In a lot of cases, you’d need better terms to convey your intent precisely. Given two variables x and y,
identity or “the same” for expressing that there is only one object and x and y refer to it. Any change done through x is inadvertantly observable through y and vice versa. In Java, reference type variables are checked for identity using ==, in C# using the ReferenceEquals method. In C++, if x and y are references, std::addressof(x) == std::addressof(y) will do (whereas &x == &y will work most of the time, but & can be customized for user-defined types).
bitwise or structure equality for expressing that the internal representations of x and y are the same. Notice that bitwise equality breaks down when objects can reference (parts of) themselves internally. To get the intended meaning, the notion has to be refined in such cases to say: Structured the same. In D, bitwise equality is checked via is and C offers memcmp. I know of no language that has built-in structure equality testing.
indistinguishability or substitutability for expressing that values cannot be distinguished (through their public interface): If a function f takes two parameters and x and y are indistinguishable, the calls f(x, y), f(x, x), and f(y, y) always return indistinguishable values – unless f checks for identity (see bullet point above) directly or maybe by mutating the parameters. An example could be two search-trees that happen to contain indistinguishable elements, but the internal trees are layed-out differently. The internal tree layout is an implementation detail that normally cannot be observed through its public methods.
This is also called Leibniz-equality after Gottfried Wilhelm Leibniz who defined equality as the lack of differences.
equivalence for expressing that objects represent values considered essentially the same from some abstract reasoning. For an example for distinguishable equivalent values, observe that floating-point numbers have a negative zero -0.0 distinct from +0.0, and e.g. sign(1/x) is different for -0.0 and +0.0. Equivalence for floating-point numbers is checked using == in many languages with C-like syntax (aka. Algol syntax). Most object-oriented languages check equivalence of objects using an equals (or similarly named) method. C# has the IEquatable<T> interface to designate that the class has a standard/canonical/default equivalence relation defined on it. In Java, one overrides the equals method every class inherits from Object.
As you can see, the notions become increasingly vague. Checking for identity is something most languages can express. Identity and bitwise equality usually cannot be hooked by the programmer as the notions are independent from interpretations. There was a C++20 proposal, which ended up being rejected, that would have introduced the last two notions as strong† and weak equality†. († This site looks like CppReference, but is not; it is not up-to-date.) The original paper is here.
There are languages without mutation, primarily functional languages like Haskell. The difference between equality and equivalence there is less of an issue and tilts to the mathematical use of those words. (In math, generally speaking, (recursively defined) sequences are used instead of re-assignments.)

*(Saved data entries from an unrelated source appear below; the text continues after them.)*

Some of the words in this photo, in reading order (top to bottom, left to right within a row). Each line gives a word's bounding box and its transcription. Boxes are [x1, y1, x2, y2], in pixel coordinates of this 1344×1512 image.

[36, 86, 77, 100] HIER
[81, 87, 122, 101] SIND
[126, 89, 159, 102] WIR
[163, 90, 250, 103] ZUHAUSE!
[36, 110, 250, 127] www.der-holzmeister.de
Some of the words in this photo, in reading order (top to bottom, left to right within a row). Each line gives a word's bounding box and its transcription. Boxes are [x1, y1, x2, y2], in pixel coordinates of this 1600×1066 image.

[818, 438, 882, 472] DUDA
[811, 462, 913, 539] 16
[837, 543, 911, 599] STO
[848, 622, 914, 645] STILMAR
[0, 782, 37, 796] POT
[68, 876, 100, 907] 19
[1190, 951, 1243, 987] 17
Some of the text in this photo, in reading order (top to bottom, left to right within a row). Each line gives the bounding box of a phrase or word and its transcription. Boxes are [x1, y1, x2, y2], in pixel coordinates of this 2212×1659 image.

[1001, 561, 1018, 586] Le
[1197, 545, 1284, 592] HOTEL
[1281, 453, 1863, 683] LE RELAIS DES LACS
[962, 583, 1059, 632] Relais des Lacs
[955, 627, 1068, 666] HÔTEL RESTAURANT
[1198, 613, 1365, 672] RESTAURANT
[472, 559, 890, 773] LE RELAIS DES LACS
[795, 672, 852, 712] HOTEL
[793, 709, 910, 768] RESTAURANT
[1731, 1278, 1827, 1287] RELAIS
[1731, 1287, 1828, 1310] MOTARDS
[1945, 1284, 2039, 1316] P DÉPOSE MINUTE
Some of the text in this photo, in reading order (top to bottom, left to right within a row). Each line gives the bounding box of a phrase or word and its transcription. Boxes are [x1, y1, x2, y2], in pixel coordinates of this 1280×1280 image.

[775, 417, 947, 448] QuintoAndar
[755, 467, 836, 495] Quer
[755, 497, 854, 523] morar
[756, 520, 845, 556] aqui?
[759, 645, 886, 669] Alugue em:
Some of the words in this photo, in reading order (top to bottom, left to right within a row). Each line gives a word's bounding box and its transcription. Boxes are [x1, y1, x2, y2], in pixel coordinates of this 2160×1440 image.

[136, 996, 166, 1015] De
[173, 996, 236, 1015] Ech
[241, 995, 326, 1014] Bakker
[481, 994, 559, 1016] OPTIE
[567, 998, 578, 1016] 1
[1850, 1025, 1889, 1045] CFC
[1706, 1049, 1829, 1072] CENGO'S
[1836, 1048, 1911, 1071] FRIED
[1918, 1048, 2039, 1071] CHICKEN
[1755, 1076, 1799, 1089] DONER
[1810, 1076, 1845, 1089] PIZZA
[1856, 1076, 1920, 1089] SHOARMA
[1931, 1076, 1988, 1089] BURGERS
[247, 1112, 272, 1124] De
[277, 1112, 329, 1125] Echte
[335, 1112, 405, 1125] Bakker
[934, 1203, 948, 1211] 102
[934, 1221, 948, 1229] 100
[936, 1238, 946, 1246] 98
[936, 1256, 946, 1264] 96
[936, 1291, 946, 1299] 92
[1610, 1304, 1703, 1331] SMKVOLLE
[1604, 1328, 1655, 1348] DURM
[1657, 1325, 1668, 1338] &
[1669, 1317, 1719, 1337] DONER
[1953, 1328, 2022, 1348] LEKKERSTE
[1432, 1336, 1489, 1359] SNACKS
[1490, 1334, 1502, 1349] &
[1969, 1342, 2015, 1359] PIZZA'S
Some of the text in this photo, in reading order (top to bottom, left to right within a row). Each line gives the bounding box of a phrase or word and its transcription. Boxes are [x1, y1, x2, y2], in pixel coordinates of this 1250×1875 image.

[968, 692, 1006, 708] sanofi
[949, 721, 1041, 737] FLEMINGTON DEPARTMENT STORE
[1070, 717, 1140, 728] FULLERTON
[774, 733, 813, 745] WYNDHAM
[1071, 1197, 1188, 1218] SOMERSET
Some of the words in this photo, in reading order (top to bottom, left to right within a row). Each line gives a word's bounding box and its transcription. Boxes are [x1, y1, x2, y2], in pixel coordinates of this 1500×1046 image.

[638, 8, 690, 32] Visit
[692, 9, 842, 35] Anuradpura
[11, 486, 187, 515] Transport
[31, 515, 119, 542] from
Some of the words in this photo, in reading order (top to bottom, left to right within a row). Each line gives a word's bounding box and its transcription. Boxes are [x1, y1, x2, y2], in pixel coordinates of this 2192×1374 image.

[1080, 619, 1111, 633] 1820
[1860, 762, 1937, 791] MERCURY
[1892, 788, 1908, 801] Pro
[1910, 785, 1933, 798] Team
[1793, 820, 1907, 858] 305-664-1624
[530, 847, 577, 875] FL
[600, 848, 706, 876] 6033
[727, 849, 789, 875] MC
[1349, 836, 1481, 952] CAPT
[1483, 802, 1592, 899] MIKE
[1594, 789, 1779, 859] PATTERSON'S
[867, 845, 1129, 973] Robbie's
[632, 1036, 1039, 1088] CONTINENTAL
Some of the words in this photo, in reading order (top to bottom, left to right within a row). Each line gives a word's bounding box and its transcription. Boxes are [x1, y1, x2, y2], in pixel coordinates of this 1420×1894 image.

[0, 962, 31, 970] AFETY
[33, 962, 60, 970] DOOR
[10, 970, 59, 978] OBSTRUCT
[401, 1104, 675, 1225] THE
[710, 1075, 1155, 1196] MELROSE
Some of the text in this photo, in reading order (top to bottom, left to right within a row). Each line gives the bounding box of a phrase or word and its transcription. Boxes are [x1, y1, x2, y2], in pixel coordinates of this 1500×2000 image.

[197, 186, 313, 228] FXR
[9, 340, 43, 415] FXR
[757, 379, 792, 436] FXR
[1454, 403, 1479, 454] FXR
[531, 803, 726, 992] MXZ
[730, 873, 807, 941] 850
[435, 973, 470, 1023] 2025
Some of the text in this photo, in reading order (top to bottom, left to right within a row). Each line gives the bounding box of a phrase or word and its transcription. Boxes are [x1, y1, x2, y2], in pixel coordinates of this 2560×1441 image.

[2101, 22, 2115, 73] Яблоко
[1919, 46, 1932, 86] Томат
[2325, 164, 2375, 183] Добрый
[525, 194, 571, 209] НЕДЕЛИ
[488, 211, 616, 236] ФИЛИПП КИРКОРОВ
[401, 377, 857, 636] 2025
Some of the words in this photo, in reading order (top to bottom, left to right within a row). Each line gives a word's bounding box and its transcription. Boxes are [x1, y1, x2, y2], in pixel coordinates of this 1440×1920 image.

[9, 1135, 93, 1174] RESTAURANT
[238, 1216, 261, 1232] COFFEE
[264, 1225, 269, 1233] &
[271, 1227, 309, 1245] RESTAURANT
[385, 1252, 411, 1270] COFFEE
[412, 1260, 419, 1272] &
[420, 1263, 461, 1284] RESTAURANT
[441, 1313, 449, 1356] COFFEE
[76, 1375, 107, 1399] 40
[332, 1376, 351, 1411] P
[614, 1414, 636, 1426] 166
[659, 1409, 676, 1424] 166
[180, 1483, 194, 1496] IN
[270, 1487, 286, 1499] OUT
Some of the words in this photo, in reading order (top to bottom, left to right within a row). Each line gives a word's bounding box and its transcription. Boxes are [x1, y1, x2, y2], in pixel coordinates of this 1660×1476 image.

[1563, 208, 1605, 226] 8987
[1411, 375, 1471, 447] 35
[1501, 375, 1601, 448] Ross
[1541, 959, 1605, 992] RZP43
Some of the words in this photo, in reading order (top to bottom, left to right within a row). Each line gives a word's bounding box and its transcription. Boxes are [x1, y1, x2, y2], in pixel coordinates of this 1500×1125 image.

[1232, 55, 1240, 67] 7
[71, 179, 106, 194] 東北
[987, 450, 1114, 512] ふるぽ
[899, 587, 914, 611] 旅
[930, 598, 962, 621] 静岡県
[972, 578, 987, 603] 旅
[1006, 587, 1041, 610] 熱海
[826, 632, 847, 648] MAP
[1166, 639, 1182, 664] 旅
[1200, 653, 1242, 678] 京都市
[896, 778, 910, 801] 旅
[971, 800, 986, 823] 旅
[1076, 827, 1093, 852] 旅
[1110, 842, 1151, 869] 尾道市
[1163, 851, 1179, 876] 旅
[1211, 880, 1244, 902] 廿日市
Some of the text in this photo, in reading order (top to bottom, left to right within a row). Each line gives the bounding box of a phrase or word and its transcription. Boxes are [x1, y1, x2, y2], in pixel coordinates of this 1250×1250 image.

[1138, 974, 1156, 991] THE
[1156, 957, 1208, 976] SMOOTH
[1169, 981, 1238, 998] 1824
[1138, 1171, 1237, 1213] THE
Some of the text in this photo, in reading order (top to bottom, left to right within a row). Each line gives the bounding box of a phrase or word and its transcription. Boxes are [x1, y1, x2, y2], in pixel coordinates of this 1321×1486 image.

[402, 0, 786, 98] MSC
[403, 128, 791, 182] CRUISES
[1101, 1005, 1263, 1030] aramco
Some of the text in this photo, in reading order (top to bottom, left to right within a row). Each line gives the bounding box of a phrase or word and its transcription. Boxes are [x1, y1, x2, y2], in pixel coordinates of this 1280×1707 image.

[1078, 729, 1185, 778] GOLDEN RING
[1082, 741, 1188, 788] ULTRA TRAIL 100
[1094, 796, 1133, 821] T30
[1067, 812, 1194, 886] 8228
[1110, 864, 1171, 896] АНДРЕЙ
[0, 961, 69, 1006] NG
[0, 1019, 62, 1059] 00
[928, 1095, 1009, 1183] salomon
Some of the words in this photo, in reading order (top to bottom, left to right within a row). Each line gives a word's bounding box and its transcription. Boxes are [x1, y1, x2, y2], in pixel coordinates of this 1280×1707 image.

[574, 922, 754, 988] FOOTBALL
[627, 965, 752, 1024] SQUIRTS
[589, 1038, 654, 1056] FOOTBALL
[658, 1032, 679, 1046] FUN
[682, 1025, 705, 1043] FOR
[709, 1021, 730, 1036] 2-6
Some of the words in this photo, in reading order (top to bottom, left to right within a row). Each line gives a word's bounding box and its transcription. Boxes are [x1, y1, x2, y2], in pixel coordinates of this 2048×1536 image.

Everything C has, is also available to C++ and any language that can use C functionality. Everything said about C# is true for Visual Basic .NET and probably all languages built on the .NET framework. Analogously, Java represents the JRE languages that also include Kotlin and Scala.
If you just want stupid definitions without wisdom: An equivalence relation is a reflexive, symmetrical, and transitive binary relation on a set. Equality then is the intersection of all those equivalence relations.